Choosing a statistical test can be a daunting task for those starting out in the analysis of experiments. This chapter provides a table of tests and models covered in this book, as well as some general advice for approaching the analysis of your data.
Plan your experimental design before you collect data
It is important to have an experimental design planned out before you start collecting data, and to have some an idea of how you plan on analyzing the data. One of the most common mistakes people make in doing research is collecting a bunch of data without having thought through what questions they are trying to answer, what specific hypotheses they want to test, and what statistical tests they can use to test these hypotheses.
What is the hypothesis?
The most important consideration in choosing a statistical test is determining what hypothesis you want to test.
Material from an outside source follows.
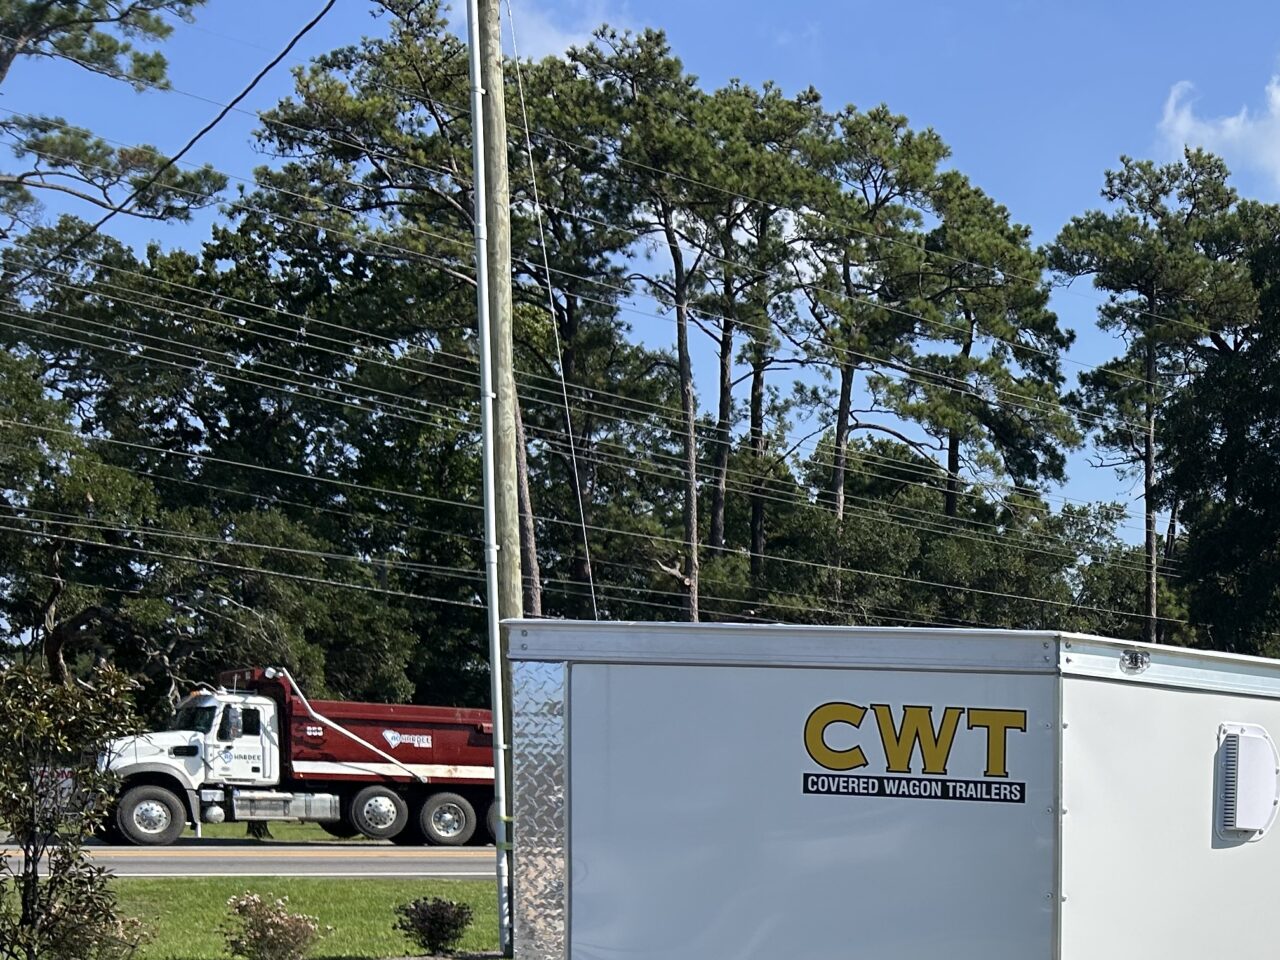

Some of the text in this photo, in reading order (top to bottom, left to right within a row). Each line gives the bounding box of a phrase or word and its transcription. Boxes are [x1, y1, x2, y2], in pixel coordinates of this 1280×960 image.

[803, 701, 1027, 778] CWT
[807, 775, 1021, 800] COVERED WAGON TRAILERS
Or, more generally, what question are you are trying to answer.
Often people have a notion about the purpose of the research they are conducting, but haven’t formulated a specific hypothesis. It is possible to begin with exploratory data analysis, to see what interesting secrets the data wish to say. But ultimately, choosing a statistical test relies on having in mind a specific hypothesis to test.
For example, we may know that our goal is to determine if one curriculum works better than another. But then we must be more specific in our hypothesis. Perhaps we wish to compare the mean of scores that students get on an exam across the different curricula. Then a specific null hypothesis is, There is no difference among the mean of student scores across curricula.
In this example, we identified the dependent variable as Student scores, and the independent variable as Curriculum.
Of course, we might make things more complicated. For example, if the curricula were used in different classrooms, we might want to include Classroom as an independent blocking variable.
What number and type of variables do you have?
To a large extent, the appropriate statistical test for your data will depend upon the number and types of variables you wish to include in the analysis.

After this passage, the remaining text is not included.